Show and tell: Ventura

Coralie Carlson

Gov. Jesse Ventura came face-to-face with a University-produced freak show of genetic engineering Monday morning: “Tiger,” a brown and black striped mouse.
Tiger, along with a bald mouse created without an immune system, welcomed the governor on a tour of the Cancer Research Center. University doctors used the mice, microscopes and a placenta to demonstrate their cancer research.
Last month, Ventura proposed using part of the state’s tobacco settlement to create a medical research endowment at the University — an idea Dr. Frank Cerra, senior vice president for the Academic Health Center, readily supports.
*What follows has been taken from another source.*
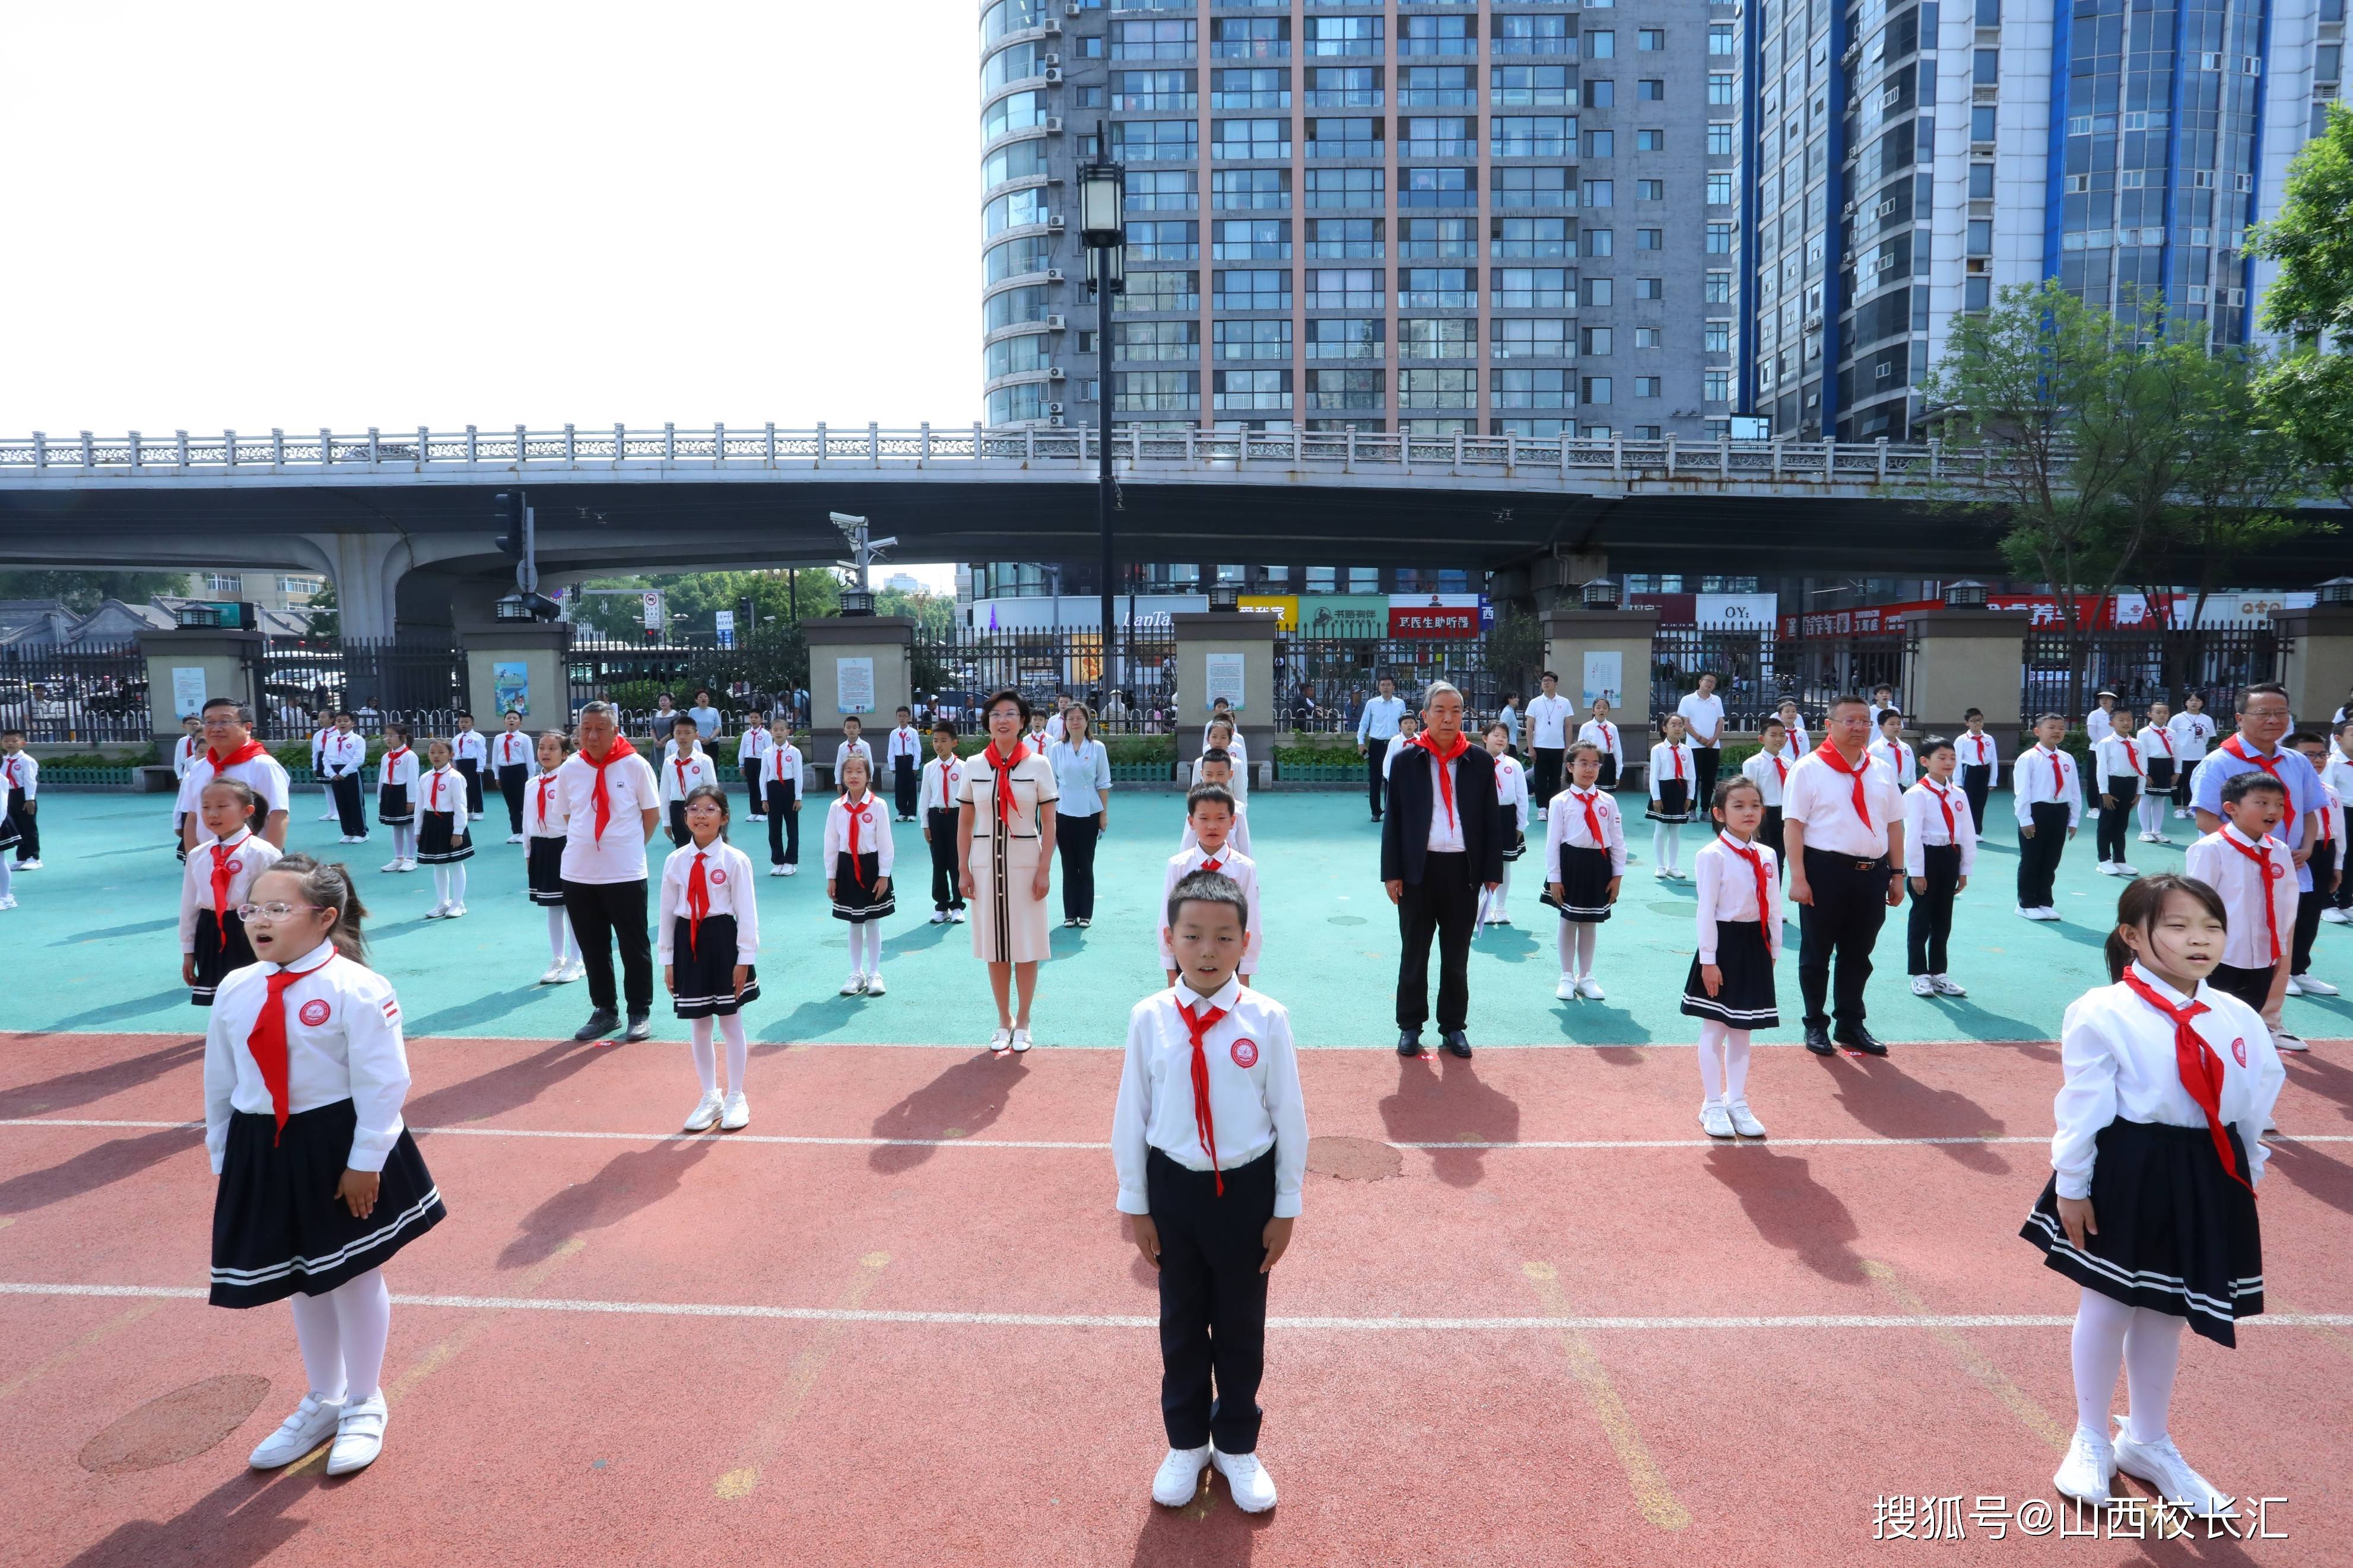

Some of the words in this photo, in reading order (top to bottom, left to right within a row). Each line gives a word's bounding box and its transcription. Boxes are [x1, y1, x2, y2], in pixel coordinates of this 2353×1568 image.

[1122, 612, 1174, 626] LanTa
[1335, 609, 1376, 618] 书路有伴
The $350 million endowment, managed by the University’s Minnesota Medical Foundation, would accrue $39 million in interest as revenue for the next year.
Ventura also suggested adding $100 million to the Medical Education and Research Costs endowment, which helps fourth- and fifth-year students finance their schooling.
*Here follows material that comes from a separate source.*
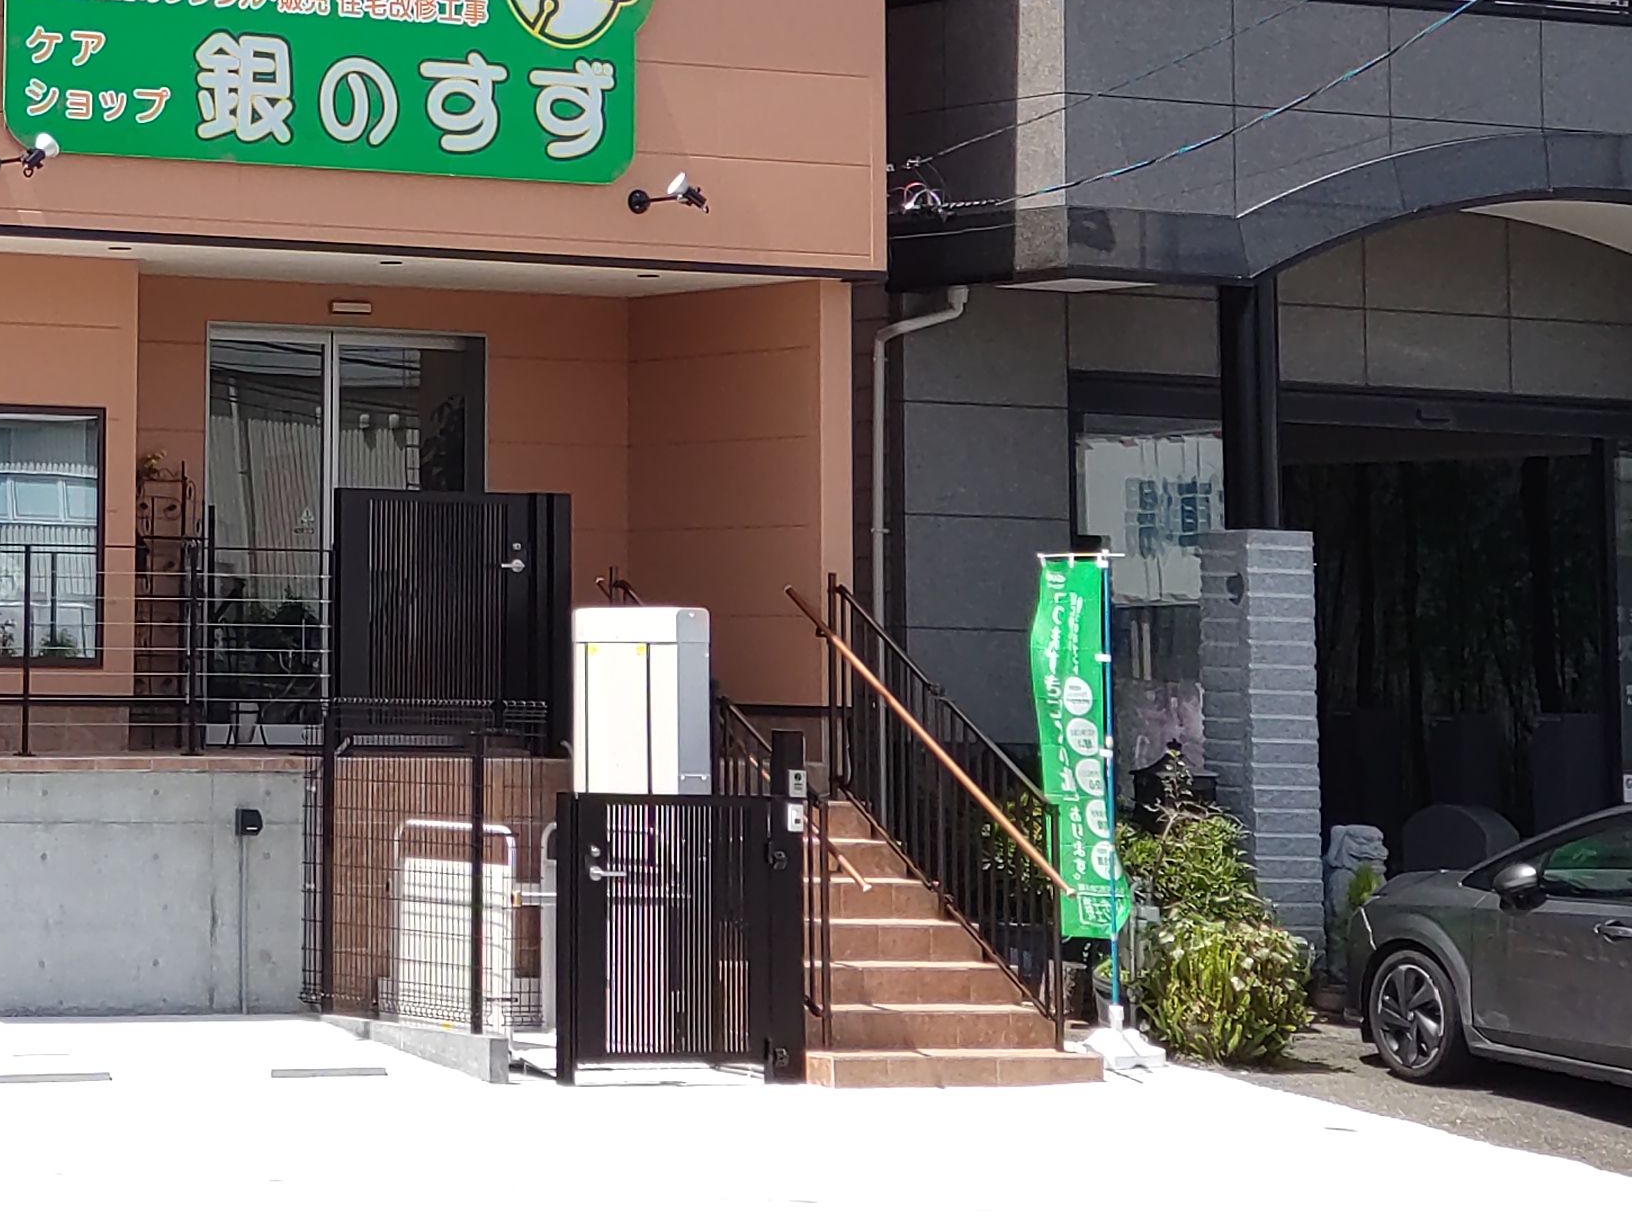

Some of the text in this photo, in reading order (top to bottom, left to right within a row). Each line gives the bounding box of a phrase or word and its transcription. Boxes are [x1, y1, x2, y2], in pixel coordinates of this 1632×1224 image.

[25, 25, 106, 66] ケア
[25, 78, 171, 124] ショップ
[193, 29, 615, 160] 銀のすず
Although University officials support the plan, state House Republicans insist the money should be returned to the taxpayers.
Ventura called the Republican tax-relief plan “short-sighted” and said it would give each Minnesotan about $200 — money to spend on cigarettes, he said.
“Maybe (Republicans) should have been the ones taking the tour,” Ventura said. “I didn’t need any convincing.”
But Ventura said he remains hopeful the University endowment plan will prevail in the state Legislature. Minnesotans support medical research over tax breaks, he said, and they will pressure their elected officials to fall into line.
During the tour, University officials paraded their best and brightest researchers.
In addition to the mice, which Dr. Dan Vallera genetically designed, Ventura was exposed to a human placenta. The placenta hung on a hammock-shaped piece of equipment with the umbilical cord hanging down. Dr. John Wagner explained to the governor how he used the placenta for blood transfusions.
Cerra said Ventura’s tour was one of a series of visitations by community leaders. Heath Commissioner Jan Malcom accompanied the governor on Wednesday.